Top Trump Administration Officials Disagree on Whether the CDC’s COVID-19 Response ‘Let the Country Down’

Does the Trump Administration believe the U.S. Centers for Disease Control and Prevention (CDC) let the country down with its coronavirus response? It depends on who you ask.

The CDC has faced mounting criticism during the pandemic for first delivering a test that failed to accurately detect the novel coronavirus, and then for the speed at which it ramped up its national testing capabilities.
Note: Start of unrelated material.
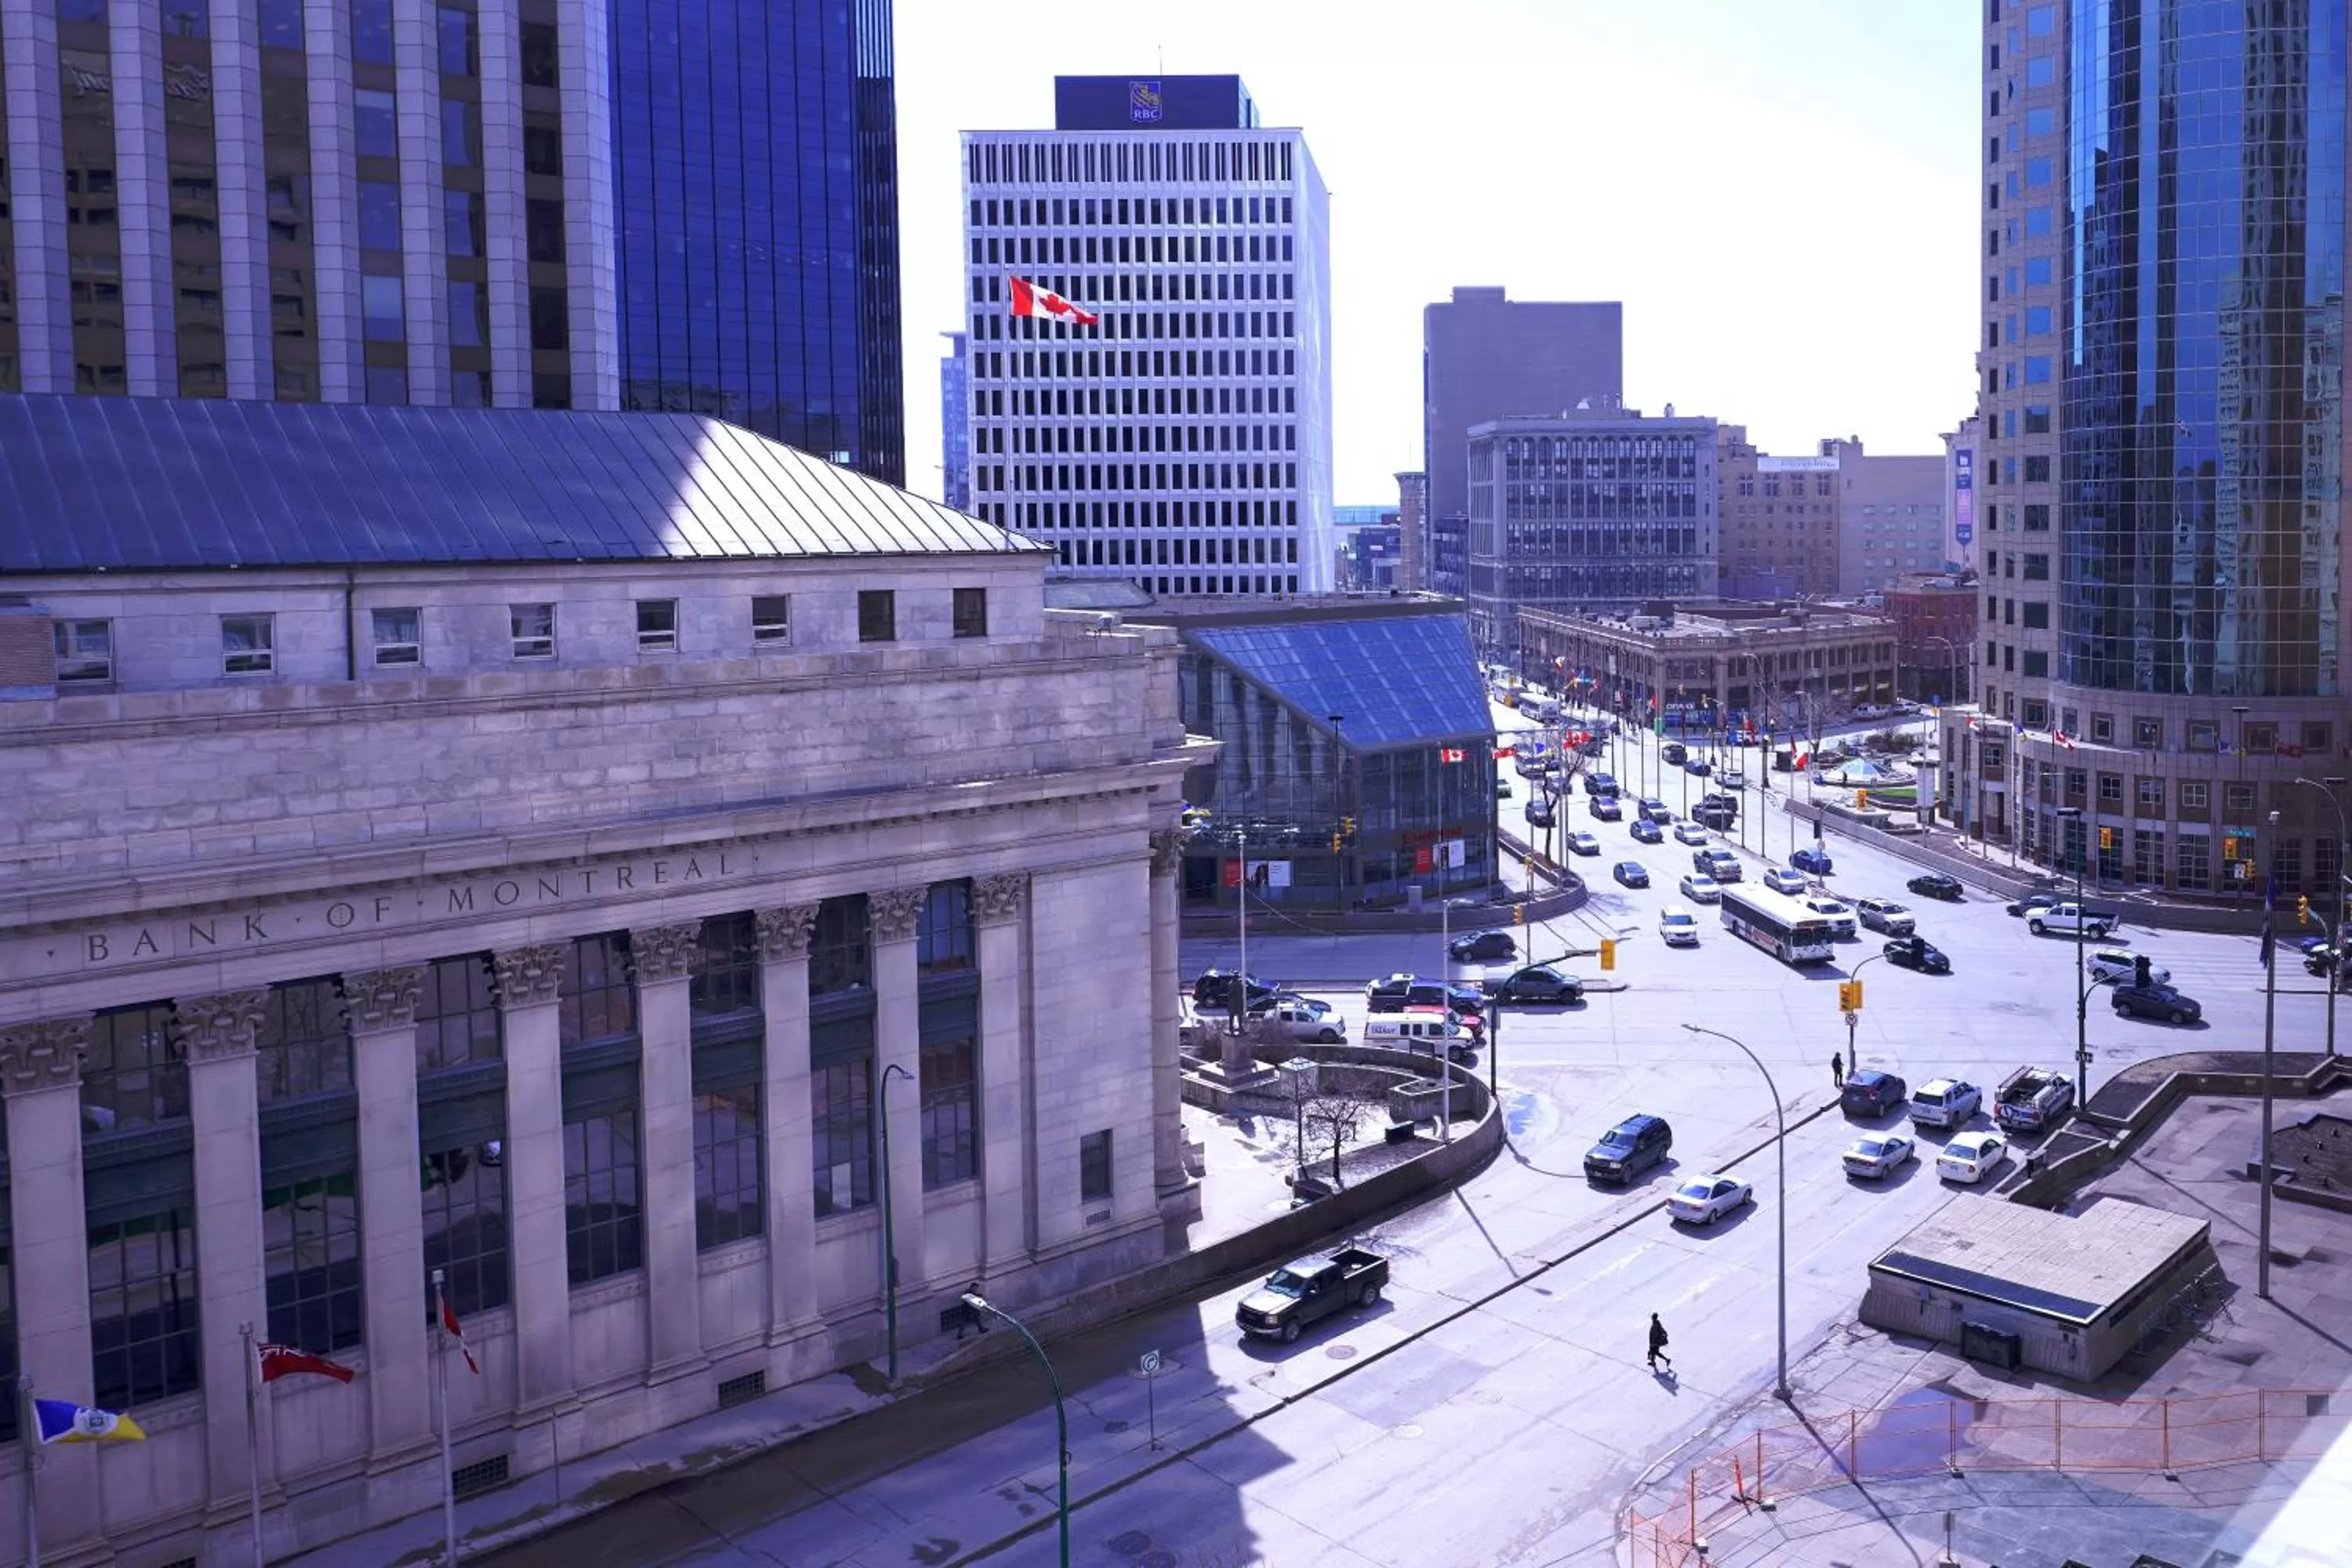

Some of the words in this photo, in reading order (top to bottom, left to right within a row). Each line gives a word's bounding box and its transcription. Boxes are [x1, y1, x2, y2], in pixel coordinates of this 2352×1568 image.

[1134, 109, 1158, 118] RBC
[87, 913, 269, 962] BANK
[326, 895, 392, 928] OF
[448, 853, 735, 913] MONTREAL
On Sunday morning, White House Advisor Peter Navarro said, “early on in this crisis, the CDC, which really had the most trusted brand around the world in this space, really let the country down with the testing,” while Health and Human Services Secretary Alex Azar suggested the opposite.
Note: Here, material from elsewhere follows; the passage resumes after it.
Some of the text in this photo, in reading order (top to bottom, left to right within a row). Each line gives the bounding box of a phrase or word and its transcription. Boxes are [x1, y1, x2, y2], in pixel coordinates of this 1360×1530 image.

Navarro told Meet the Press host Chuck Todd, “Not only did (the CDC) keep the testing within the bureaucracy, they had a bad test and that did set us back.”

WATCH: @chucktodd asks WH Adviser Peter Navarro: “Does the president have confidence in the CDC?” #MTP @PeterNavarro45 : “You should ask the president that question, not me. … The CDC, which really had the most trusted brand … really let the country down with the testing.” pic.twitter.com/GSE99pXJun

— Meet the Press (@MeetThePress) May 17, 2020

Later in the morning, host of CBS’ Face the Nation Margaret Brennan asked Azar, “Your colleague Peter Navarro has said that the CDC let the country down. Given the CDC reports up to you, do you take responsibility for that?”

“I don’t believe the CDC let this country down,” Azar said. “I believe the CDC serves an important public health role and what was always critical was to get the private sector to the table.”

“I don’t believe the CDC let the people down” @HHSGov ’s @SecAzar tells @margbrennan when pressed over the @CDCgov ’s early missteps in tackling the #coronavirus pandemic. pic.twitter.com/WSXwwT48pl

— Face The Nation (@FaceTheNation) May 17, 2020

Azar said the coronavirus pandemic created a completely unprecedented challenge.

“There has never been a national immediate testing regime across public and private sectors. We have had to literally build this from the ground up,” Azar said, adding that the CDC’s role is to develop tests that health labs will conduct for an initial diagnosis “but then we count on the private sector actually to scale up” large test capacities and “that’s what we’ve done in historic time.”